(Task requirements) The full listing is to be returned exactly as given, but without pictures.

(Data to use)
============

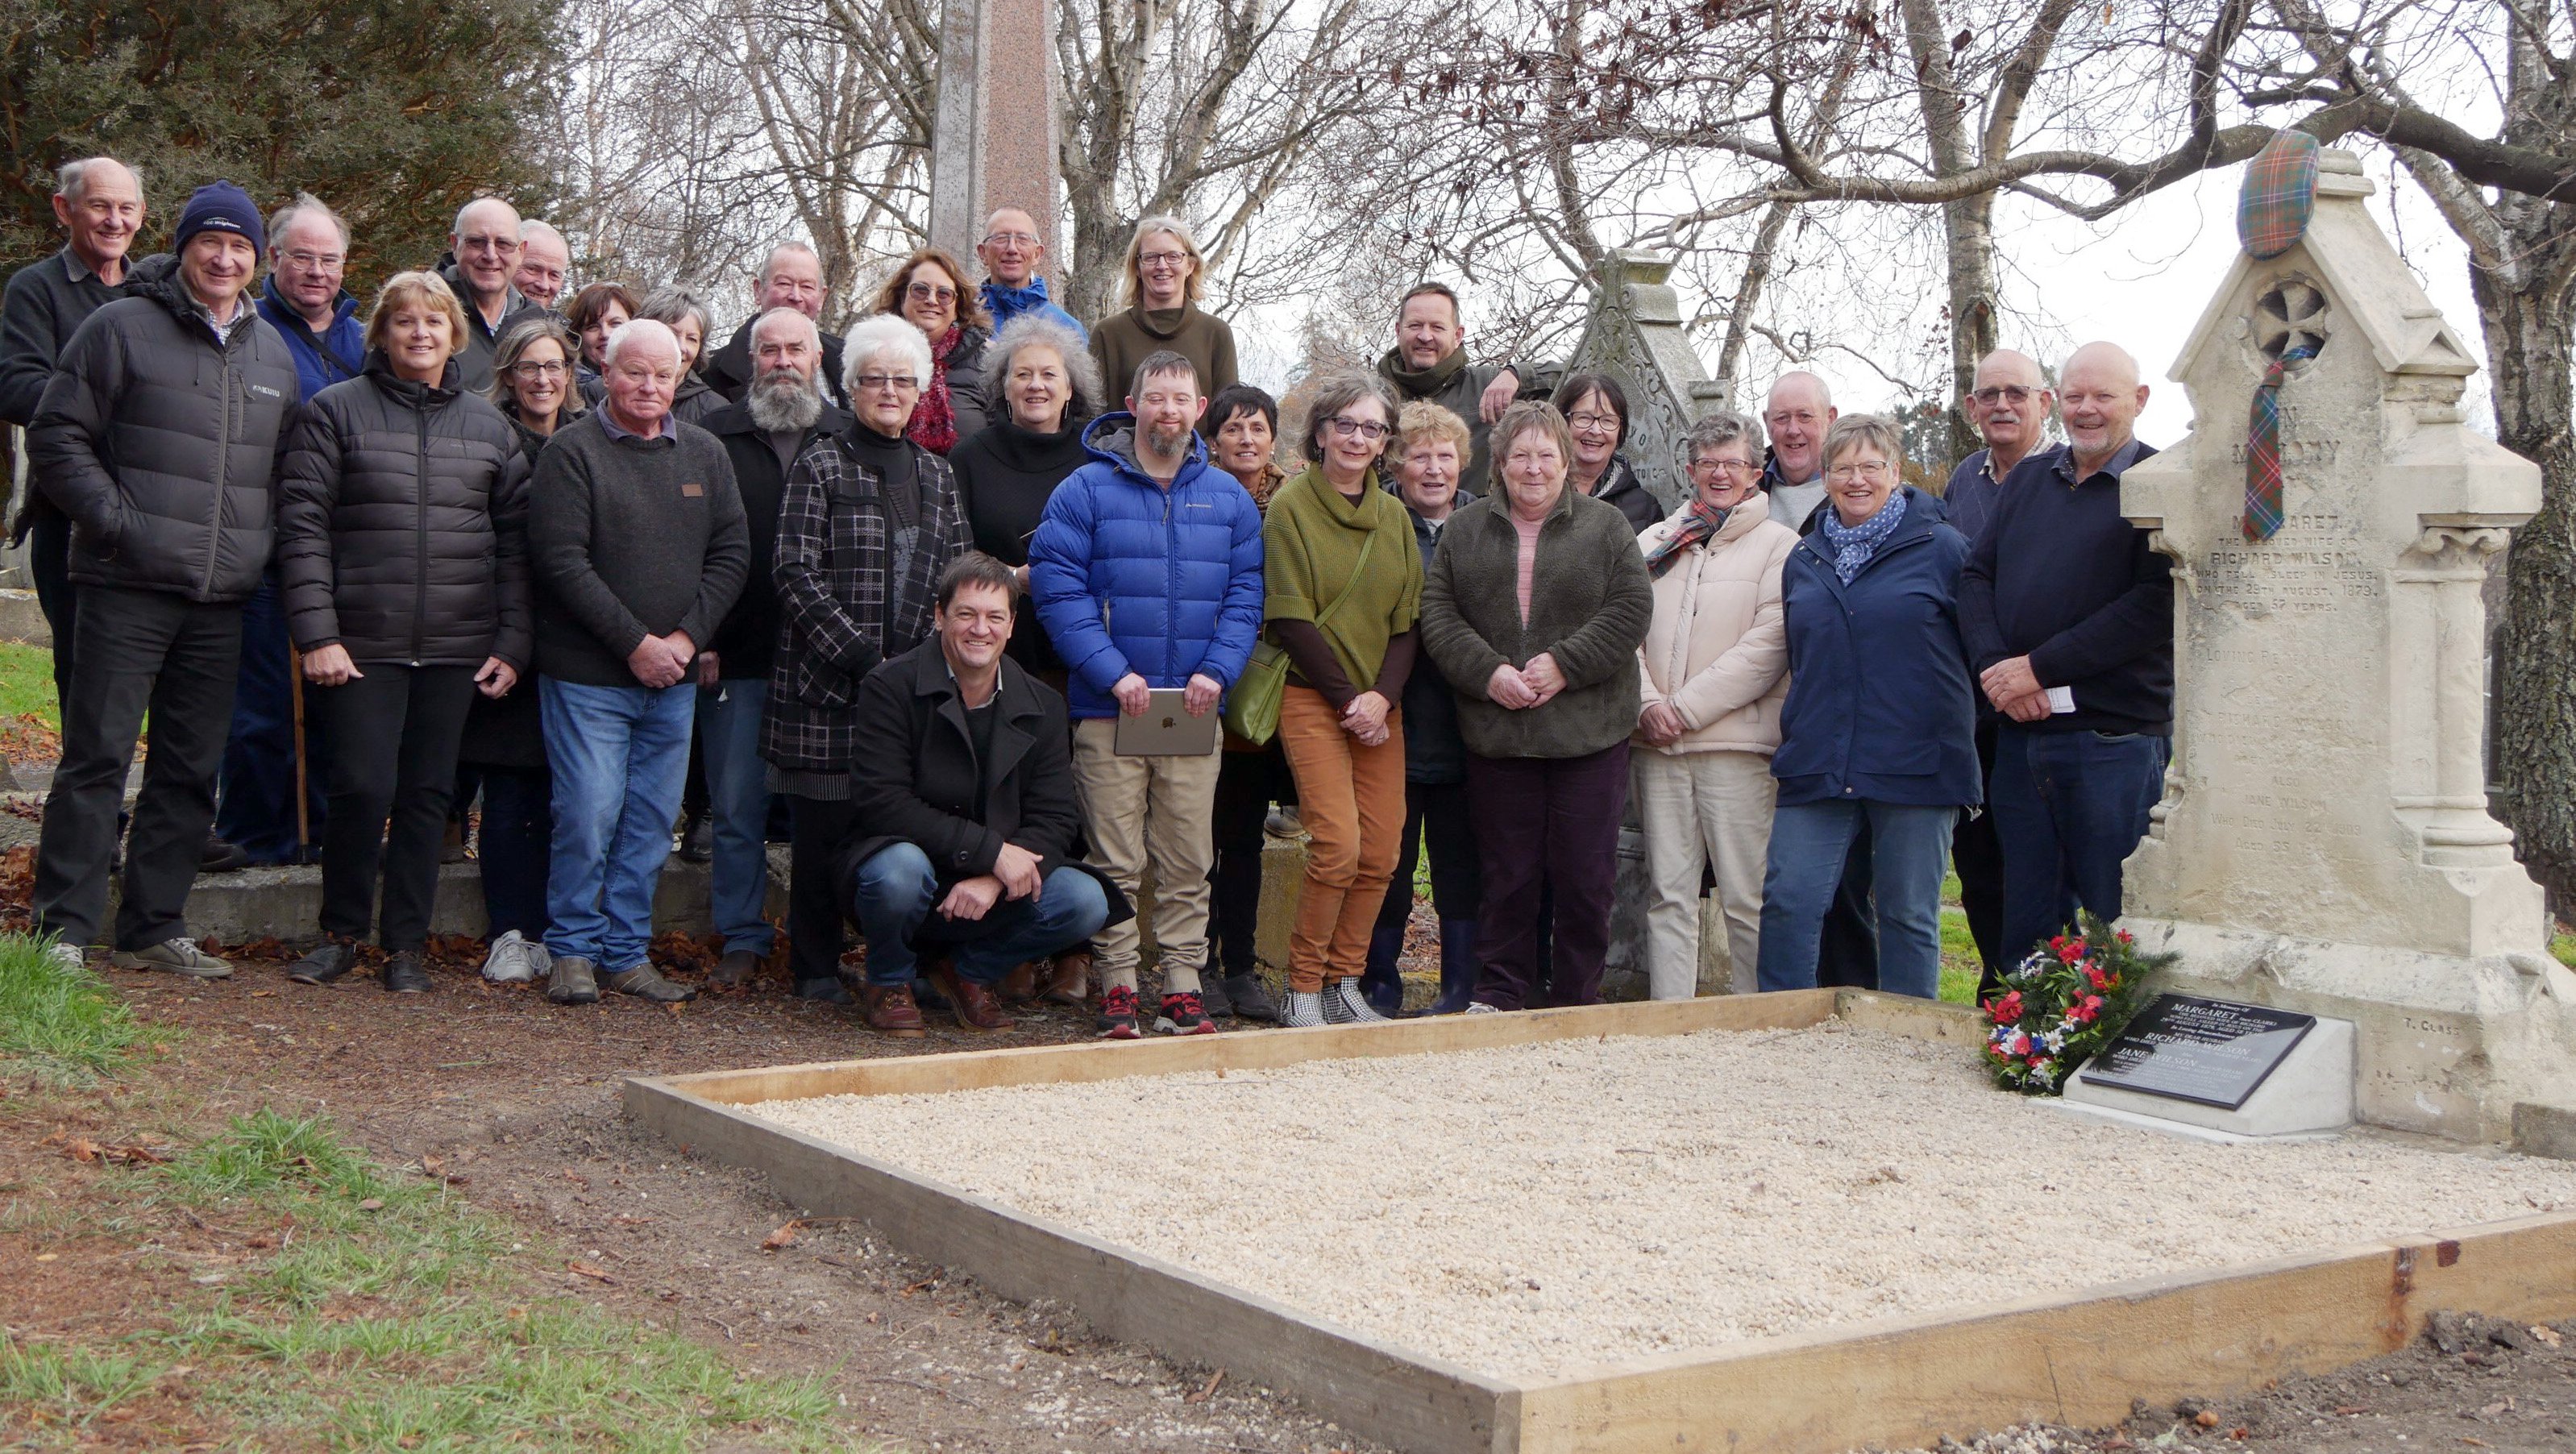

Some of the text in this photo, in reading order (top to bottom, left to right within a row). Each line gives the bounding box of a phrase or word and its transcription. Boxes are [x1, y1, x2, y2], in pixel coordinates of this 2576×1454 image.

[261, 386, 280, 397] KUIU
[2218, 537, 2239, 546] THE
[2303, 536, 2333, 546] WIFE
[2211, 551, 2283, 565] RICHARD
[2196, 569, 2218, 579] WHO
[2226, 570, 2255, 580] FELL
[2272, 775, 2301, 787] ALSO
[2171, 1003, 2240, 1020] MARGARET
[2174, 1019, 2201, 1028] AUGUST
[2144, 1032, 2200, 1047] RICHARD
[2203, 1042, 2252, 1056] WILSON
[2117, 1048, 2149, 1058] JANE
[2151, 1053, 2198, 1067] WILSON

============

(Written response)
Some of the text in this photo, in reading order (top to bottom, left to right within a row). Each line gives the bounding box of a phrase or word and its transcription. Boxes are [x1, y1, x2, y2], in pixel coordinates of this 2576×1454 image.

[261, 386, 280, 397] KUIU
[2218, 537, 2239, 546] THE
[2303, 536, 2333, 546] WIFE
[2211, 551, 2283, 565] RICHARD
[2196, 569, 2218, 579] WHO
[2226, 570, 2255, 580] FELL
[2272, 775, 2301, 787] ALSO
[2171, 1003, 2240, 1020] MARGARET
[2174, 1019, 2201, 1028] AUGUST
[2144, 1032, 2200, 1047] RICHARD
[2203, 1042, 2252, 1056] WILSON
[2117, 1048, 2149, 1058] JANE
[2151, 1053, 2198, 1067] WILSON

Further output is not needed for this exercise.